I know it’s common practice to make notations and highlights in non-fiction lit, but do you make notes and highlights in your favorite fiction books, too? I do. I will write on and/or highlight just about anything if it’s interesting (and still for long enough).
As mentioned in a previous post, I am re-reading Les Misérables in anticipation of the new movie which premieres Christmas Day. I’ve made some new highlights during this second reading, and it seems good to me to compile these highlights in one place. What better way to utilize my blog?!
I am reading the Signet Classics version, A new unabridged translation by Lee Fahnestock and Norman MacAfee, published in 1987.
The portion of LM introducing Bishop Bienvenu/Monsieur Myriel contains many of my favorite portions. He provides interesting, thought-provoking social and spiritual commentary. I love this character and his way of life.
The Good Bishop:
Never in all his life had M. Géborand given alms to the unfortunate; but from the day of this sermon it was noticed that regularly every Sunday he gave a penny to the old beggar women at the door of the cathedral. There were six of them to share it. One day the bishop, seeing him perform this act of charity, said to his sister with a smile, “There’s Monsieur Géborand, buying a pennyworth of paradise.”
One day he preached this sermon in the cathedral: “Dearest brethren, my good friends, in France there are one million three hundred and twenty thousand peasants’ cottages that have only three openings; one million eight hundred and seventeen thousand that have two, the door and one window; and finally, three hundred and forty-six thousand cabins with only one — the door. And this is because of the tax on doors and windows. Imagine poor families, aged women and small children living in these huts, and think of the fever and disease. Alas! God gives light to men, and the law sells it. I do not blame the law, but I bless God…My brethren, be compassionate; see how much suffering there is around you.”
…[H]is words penetrated every soul.
He behaved the same with the rich as with the poor.
He condemned nothing hastily or without taking account of circumstances. He would say, “Let’s see how the fault crept in.”
Being, as he smilingly described himself, an ex-sinner, he had none of the inaccessibility of a rigid moralist, and would boldly profess without the raised eyebrows of the ferociously virtuous, a doctrine that might be loosely summarized as follows: “Man has a body that is both his burden and his temptation. He drags it along and gives in to it. He ought to watch over it, keep it in bounds, repress it, and obey it only as a last resort. It may be wrong to obey even then, but if so, the fault is venial. It is a fall, but a fall onto the knees, which may end in prayer. To be a saint is the exception; to be upright is the rule. Err, falter, sin, but be upright. To commit the least possible sin is the law for man. To live entirely without sin is the dream of an angel. Everything on this earth is subject to sin. Sin is like gravity.”
When he heard people raising a hue and cry, easily finding fault, “Oh ho!” he would say, with a smile. “It would seem that this is a great crime that everyone commits. See how an offended hypocrisy is quick to protest and run for cover!”
He was indulgent toward women and the poor, upon whom the weight of society falls most heavily. He would say, “The faults of women, children, and servants, and of the weak, the indigent, and the ignorant, are the faults of their husbands, fathers, and masters, of the strong, the rich, and the wise.” Or he would say, “Teach the ignorant as much as you can; society is guilty in not providing universal free education, and it must answer for the night is produces. If the soul is left in darkness, sins will be committed. The guilty one is not he who commits the sin, but the one who causes the darkness.”
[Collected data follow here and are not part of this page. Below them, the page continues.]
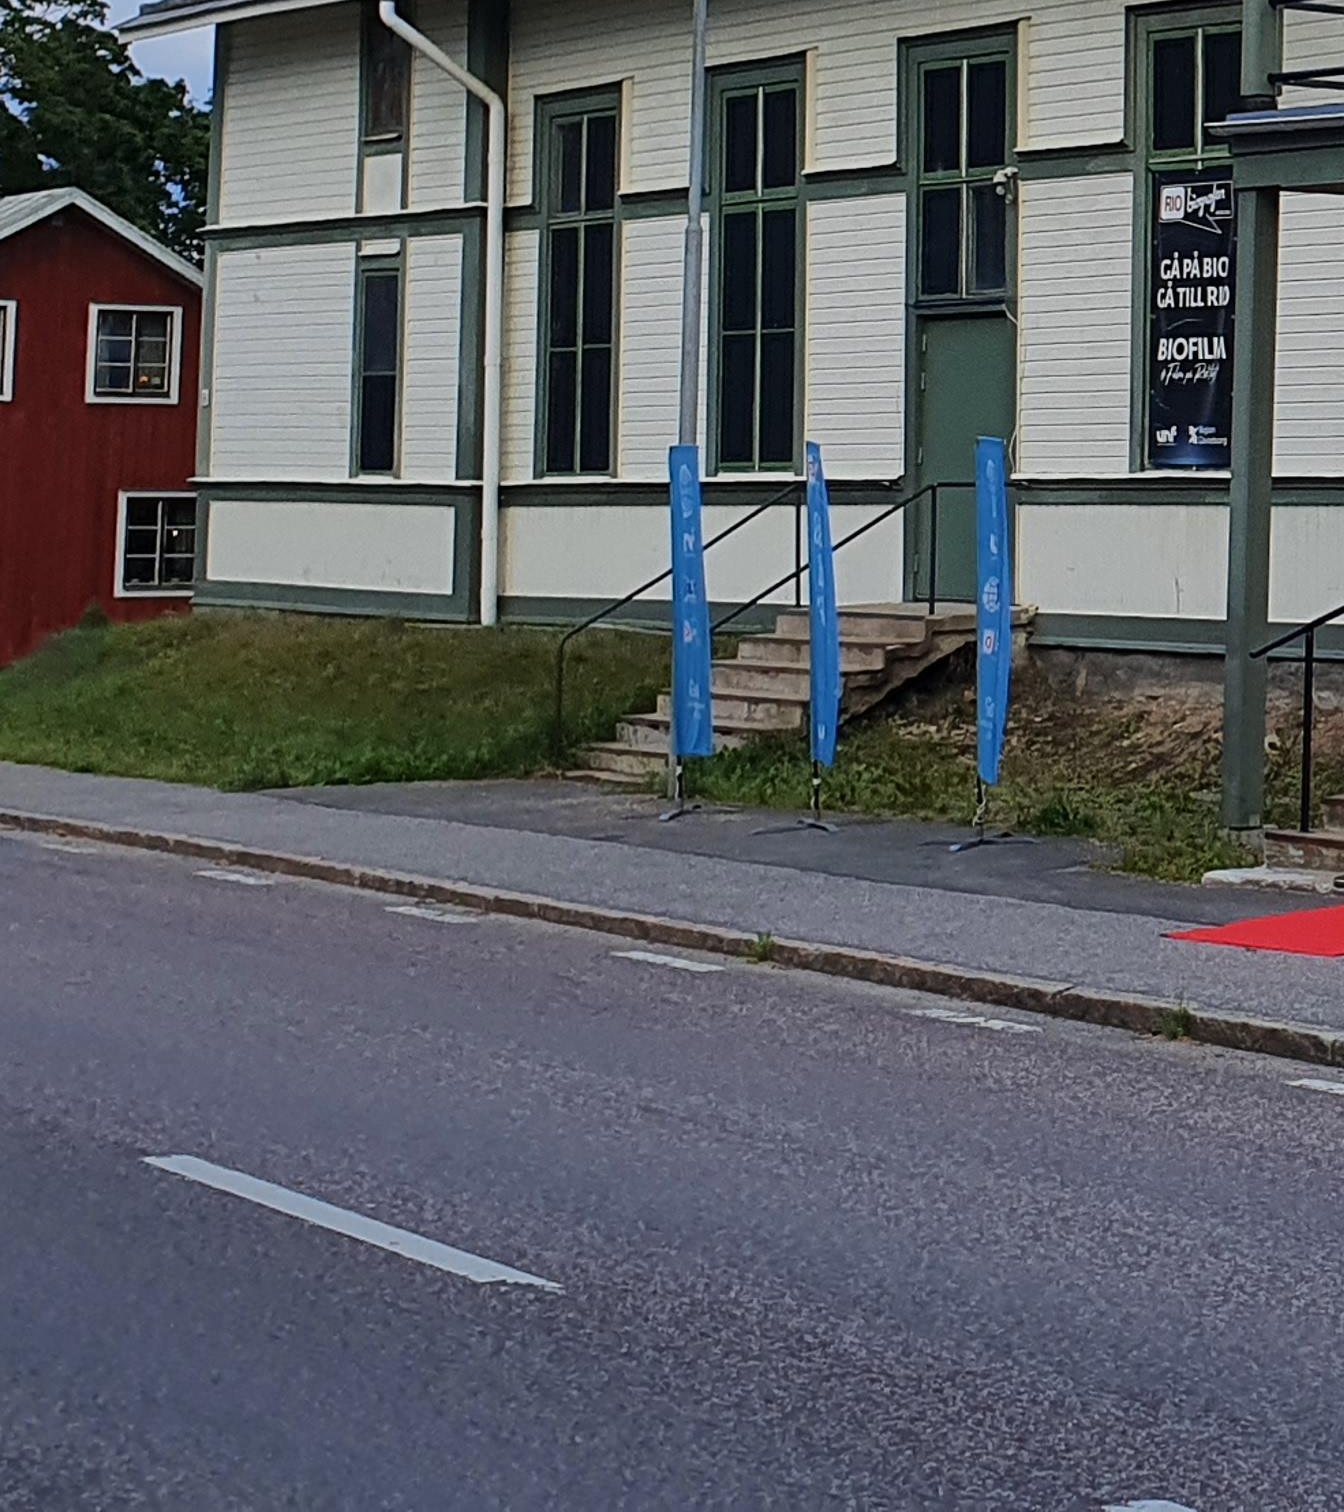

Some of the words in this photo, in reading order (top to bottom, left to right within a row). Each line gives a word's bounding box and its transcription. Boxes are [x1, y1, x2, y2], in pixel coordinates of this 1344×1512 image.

[1164, 195, 1183, 212] RIO
[1161, 251, 1180, 280] GÅ
[1182, 250, 1201, 279] PÅ
[1202, 256, 1229, 278] BIO
[1157, 280, 1175, 308] GÅ
[1176, 287, 1204, 308] TILL
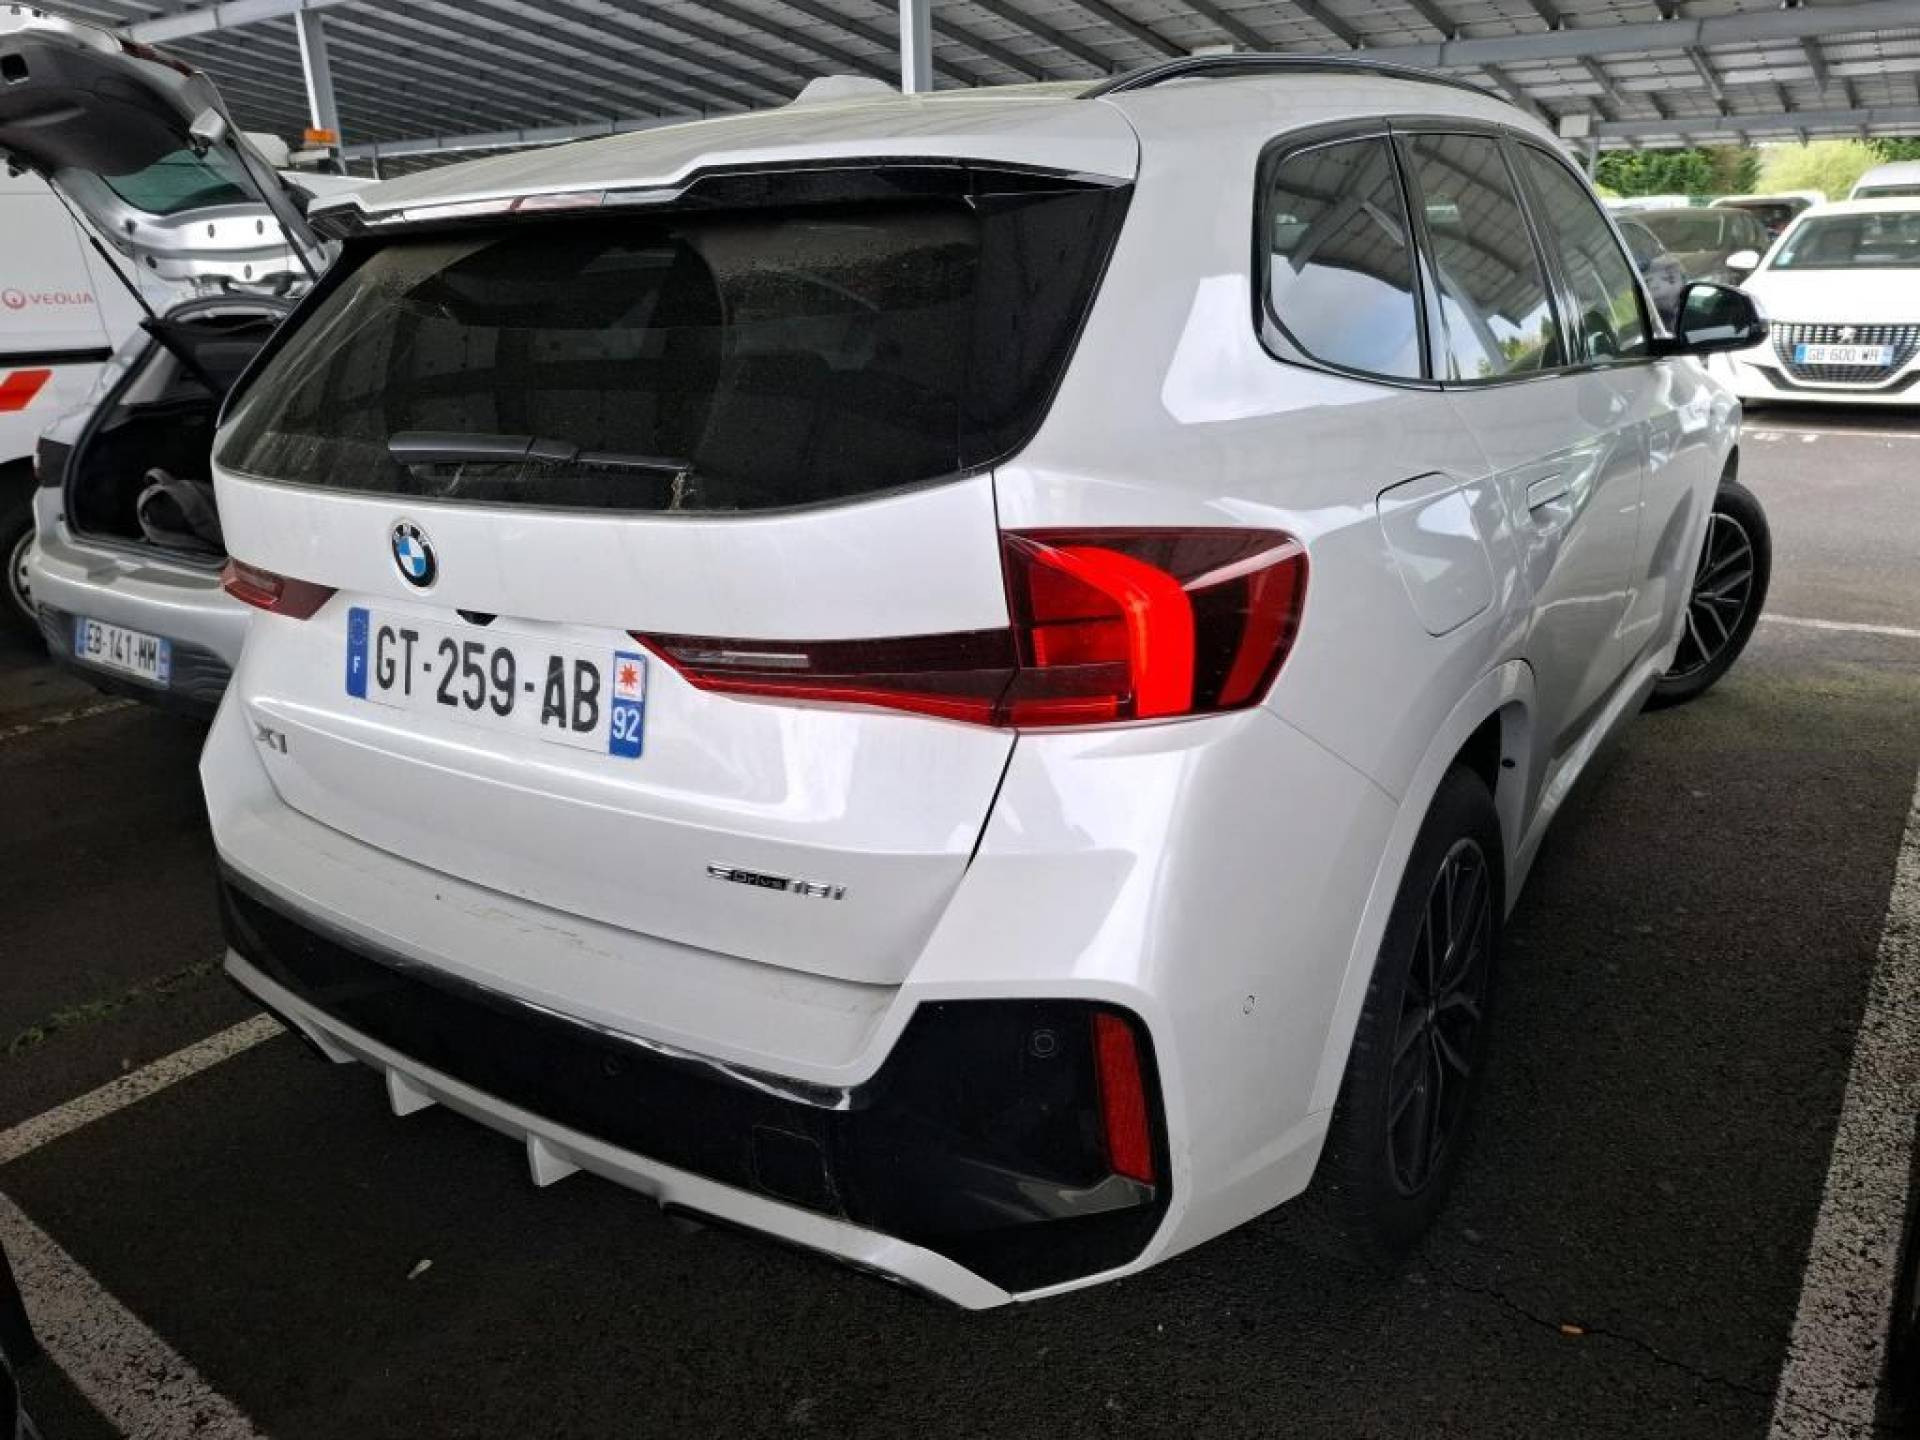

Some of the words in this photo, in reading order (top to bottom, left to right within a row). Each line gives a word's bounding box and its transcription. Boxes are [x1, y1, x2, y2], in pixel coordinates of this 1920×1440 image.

[28, 292, 94, 305] VEOLIA
[353, 655, 361, 674] F
[376, 625, 600, 734] GT-259-AB
[612, 705, 641, 743] 92
Clearly, he had his own strange way of judging things. I suspect he acquired it from the Gospels.
The private life of M. Myriel was filled with the same thoughts as his public life.
He coming was cause for celebration. It was as though he gave off warmth and light as he passed along. Old people and children would come to their doors for the bishop as they would for the sun. He blessed and was blessed in return. Anyone in need of anything was shown the way to his house.
Again he wrote: “Do not ask the name of him who asks you for a bed. It is precisely he whose name is a burden to him who most needs sanctuary.
“Have no fear of robbers or murderers. They are external dangers, petty dangers. We should fear ourselves. Prejudices are the real robbers; vices the real murderers. The great dangers are within us. Why worry about what threatens our heads or our purses? Let us think instead of what threatens our souls.”
“My sister, a priest must never take any precaution against a neighbor. What his neighbor does God permits. Let us confine ourselves to prayer when we feel danger looming, pray not for ourselves, but that our brother not fall into crime because of us.”
“There is always One with us who is the strongest. Satan may visit our house, but the good Lord lives here.”
He did not study God; he was dazzled by Him.
What more was needed by this old man, who divided the leisure hours of his life, where he had so little leisure, between gardening in the daytime and contemplation at night? Was this narrow enclosure with the sky for a background not space enough for him to adore God in his most beautiful, most sublime works? Indeed, is that not everything? What more do you need? A little garden to walk in, and immensity to reflect on. At his feet something to cultivate and gather; above his head something to study and meditate on; a few flowers on earth and all the stars in heaven.